## TASK GOAL
Could you retype all of the records exactly, leaving out every picture?

++++ DATA

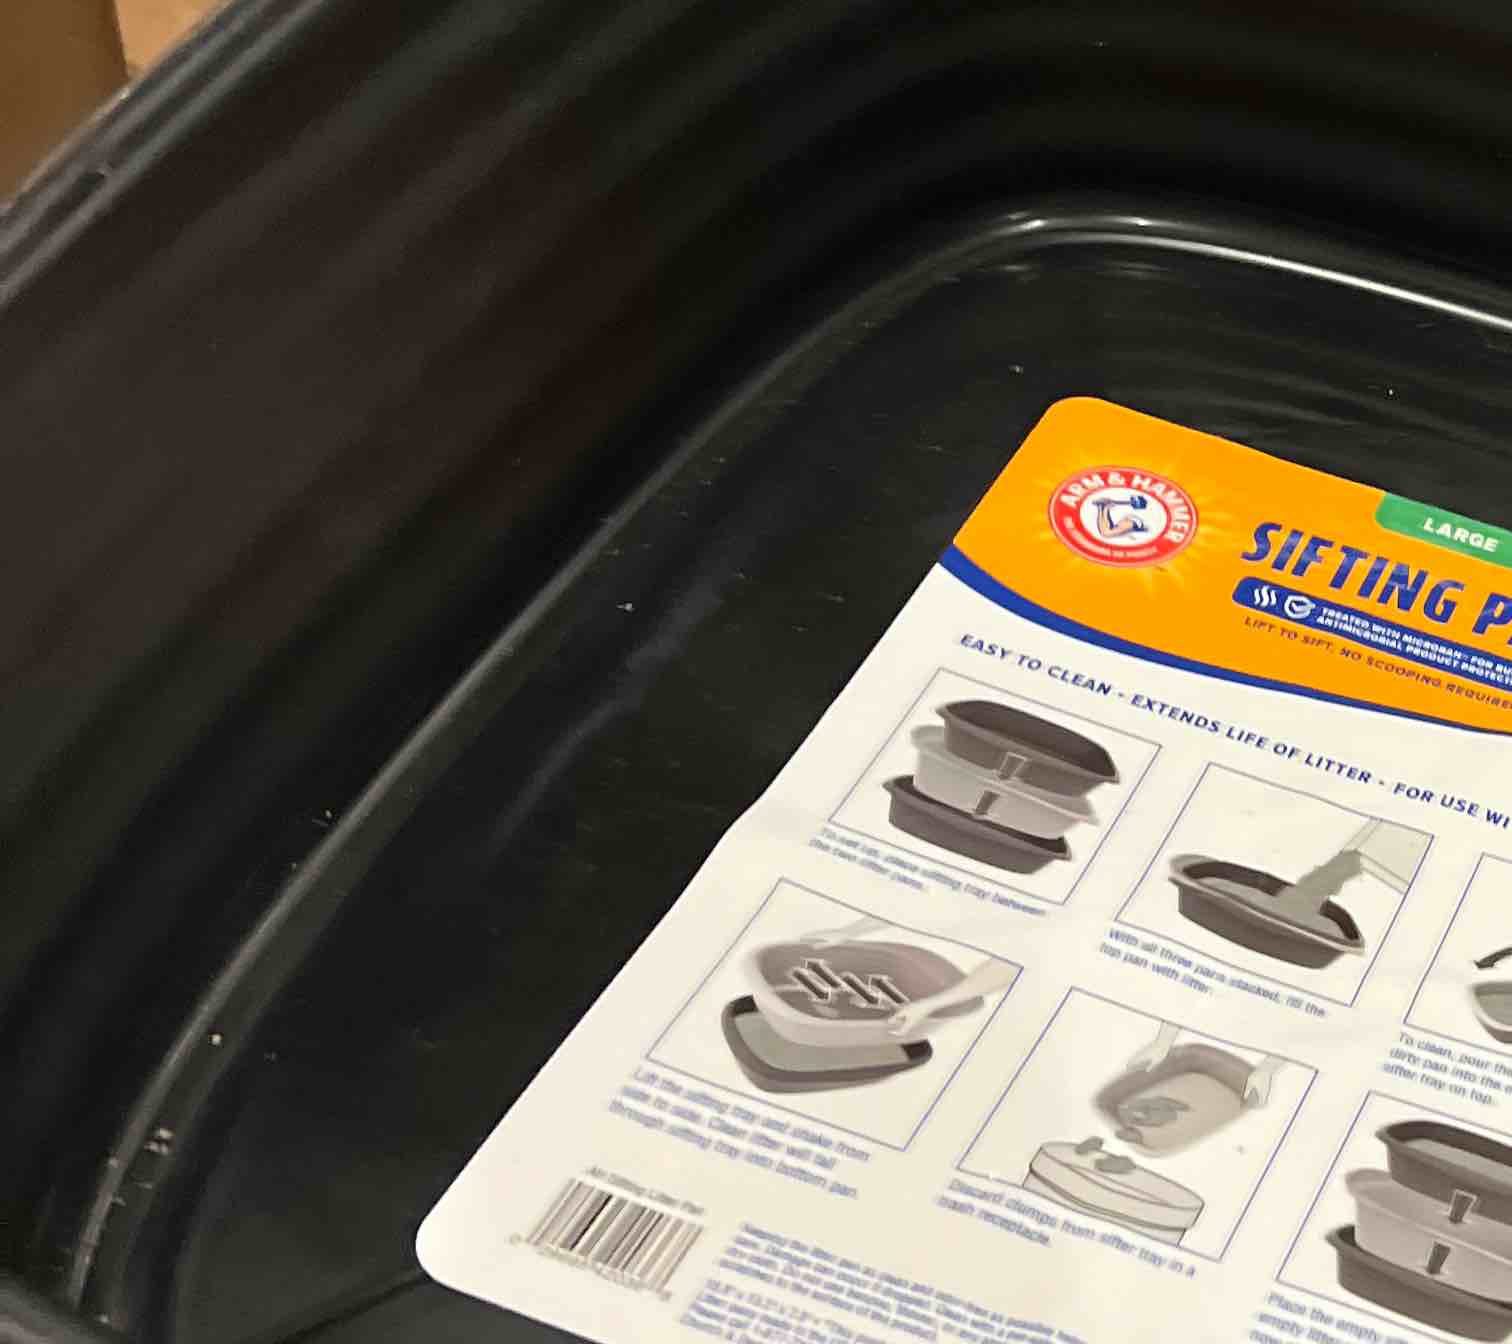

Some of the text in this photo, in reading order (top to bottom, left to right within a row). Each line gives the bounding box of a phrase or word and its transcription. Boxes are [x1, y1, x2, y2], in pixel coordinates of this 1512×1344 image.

[1059, 473, 1104, 508] ARM
[1107, 471, 1126, 486] &
[1131, 474, 1191, 544] HAMMER
[1422, 517, 1500, 554] LARGE
[1240, 520, 1466, 626] SIFTING
[1242, 615, 1276, 634] LIFT
[1277, 626, 1299, 641] TO
[1338, 646, 1362, 663] NO
[1364, 655, 1442, 689] SCOOPING
[1314, 615, 1403, 650] ANTIMICROBIAL
[1404, 643, 1458, 668] PRODUCT
[1320, 607, 1370, 630] TREATED
[1370, 623, 1401, 640] WITH
[1469, 654, 1494, 669] FOR
[957, 632, 1013, 661] EASY
[1013, 651, 1045, 673] TO
[1045, 662, 1113, 697] CLEAN
[1129, 692, 1222, 734] EXTENDS
[1223, 723, 1269, 750] LIFE
[1270, 739, 1302, 761] OF
[1303, 750, 1373, 785] LITTER
[1390, 779, 1435, 804] FOR
[1437, 793, 1480, 818] USE
[1105, 927, 1140, 948] With
[1157, 946, 1194, 971] three
[1302, 1001, 1329, 1019] the
[1122, 949, 1150, 970] pan
[1148, 960, 1181, 982] with
[1417, 1072, 1447, 1092] tray
[1420, 1056, 1450, 1076] pan
[1449, 1065, 1478, 1085] into
[1478, 1073, 1503, 1092] the
[947, 1177, 1005, 1206] Discard
[1003, 1195, 1060, 1228] clumps
[1255, 1307, 1306, 1338] empty
[1263, 1290, 1308, 1318] Place
[1306, 1305, 1335, 1328] the
[1334, 1315, 1383, 1344] empty

++++++++

## SOLUTION TO THE PROBLEM
Some of the text in this photo, in reading order (top to bottom, left to right within a row). Each line gives the bounding box of a phrase or word and its transcription. Boxes are [x1, y1, x2, y2], in pixel coordinates of this 1512×1344 image.

[1059, 473, 1104, 508] ARM
[1107, 471, 1126, 486] &
[1131, 474, 1191, 544] HAMMER
[1422, 517, 1500, 554] LARGE
[1240, 520, 1466, 626] SIFTING
[1242, 615, 1276, 634] LIFT
[1277, 626, 1299, 641] TO
[1338, 646, 1362, 663] NO
[1364, 655, 1442, 689] SCOOPING
[1314, 615, 1403, 650] ANTIMICROBIAL
[1404, 643, 1458, 668] PRODUCT
[1320, 607, 1370, 630] TREATED
[1370, 623, 1401, 640] WITH
[1469, 654, 1494, 669] FOR
[957, 632, 1013, 661] EASY
[1013, 651, 1045, 673] TO
[1045, 662, 1113, 697] CLEAN
[1129, 692, 1222, 734] EXTENDS
[1223, 723, 1269, 750] LIFE
[1270, 739, 1302, 761] OF
[1303, 750, 1373, 785] LITTER
[1390, 779, 1435, 804] FOR
[1437, 793, 1480, 818] USE
[1105, 927, 1140, 948] With
[1157, 946, 1194, 971] three
[1302, 1001, 1329, 1019] the
[1122, 949, 1150, 970] pan
[1148, 960, 1181, 982] with
[1417, 1072, 1447, 1092] tray
[1420, 1056, 1450, 1076] pan
[1449, 1065, 1478, 1085] into
[1478, 1073, 1503, 1092] the
[947, 1177, 1005, 1206] Discard
[1003, 1195, 1060, 1228] clumps
[1255, 1307, 1306, 1338] empty
[1263, 1290, 1308, 1318] Place
[1306, 1305, 1335, 1328] the
[1334, 1315, 1383, 1344] empty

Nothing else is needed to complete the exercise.